## Problem description
Write out all records as given; omit images.

Text-to-region grounding data
+-------+
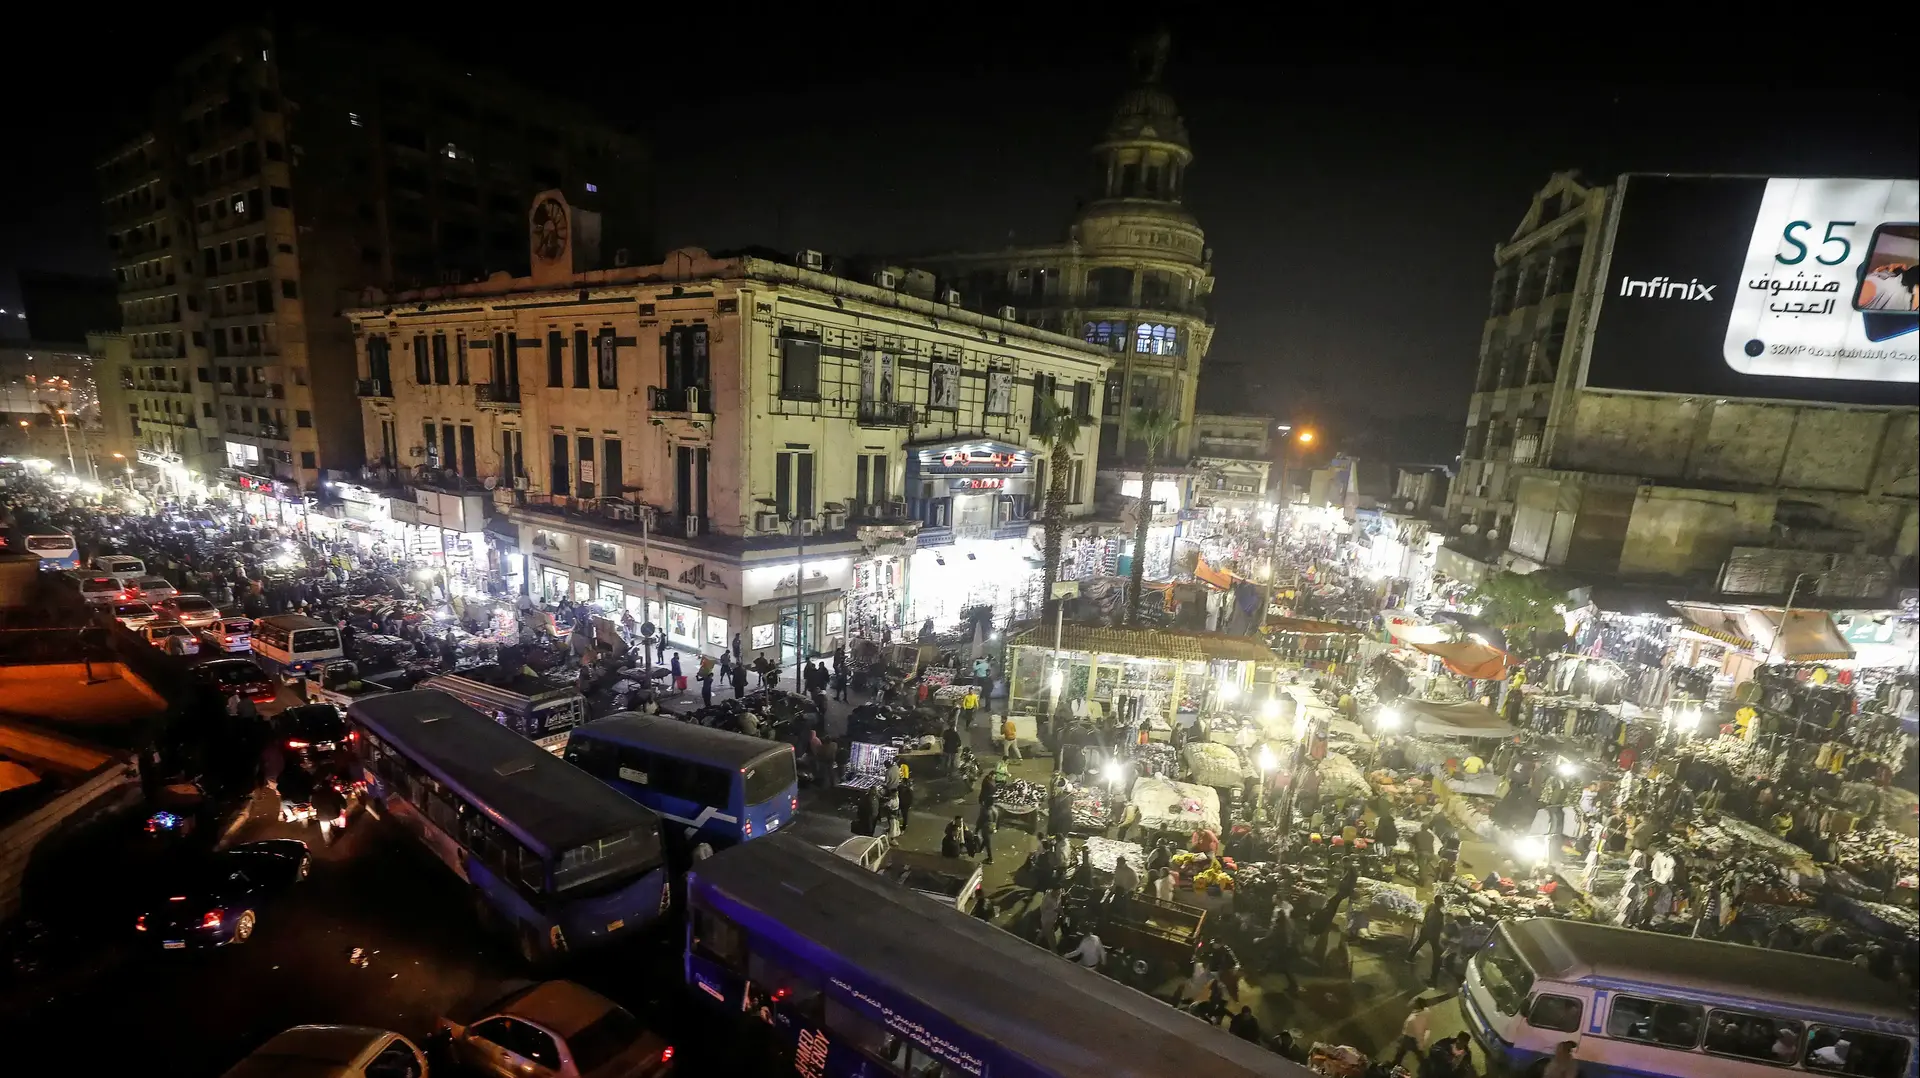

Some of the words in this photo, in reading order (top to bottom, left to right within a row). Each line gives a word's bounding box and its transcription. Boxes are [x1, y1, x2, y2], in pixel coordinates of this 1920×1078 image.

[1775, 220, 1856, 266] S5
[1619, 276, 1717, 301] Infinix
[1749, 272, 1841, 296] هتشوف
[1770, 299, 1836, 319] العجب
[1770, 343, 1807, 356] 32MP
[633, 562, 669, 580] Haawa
+-------+
## Task result
Some of the words in this photo, in reading order (top to bottom, left to right within a row). Each line gives a word's bounding box and its transcription. Boxes are [x1, y1, x2, y2], in pixel coordinates of this 1920×1078 image.

[1775, 220, 1856, 266] S5
[1619, 276, 1717, 301] Infinix
[1749, 272, 1841, 296] هتشوف
[1770, 299, 1836, 319] العجب
[1770, 343, 1807, 356] 32MP
[633, 562, 669, 580] Haawa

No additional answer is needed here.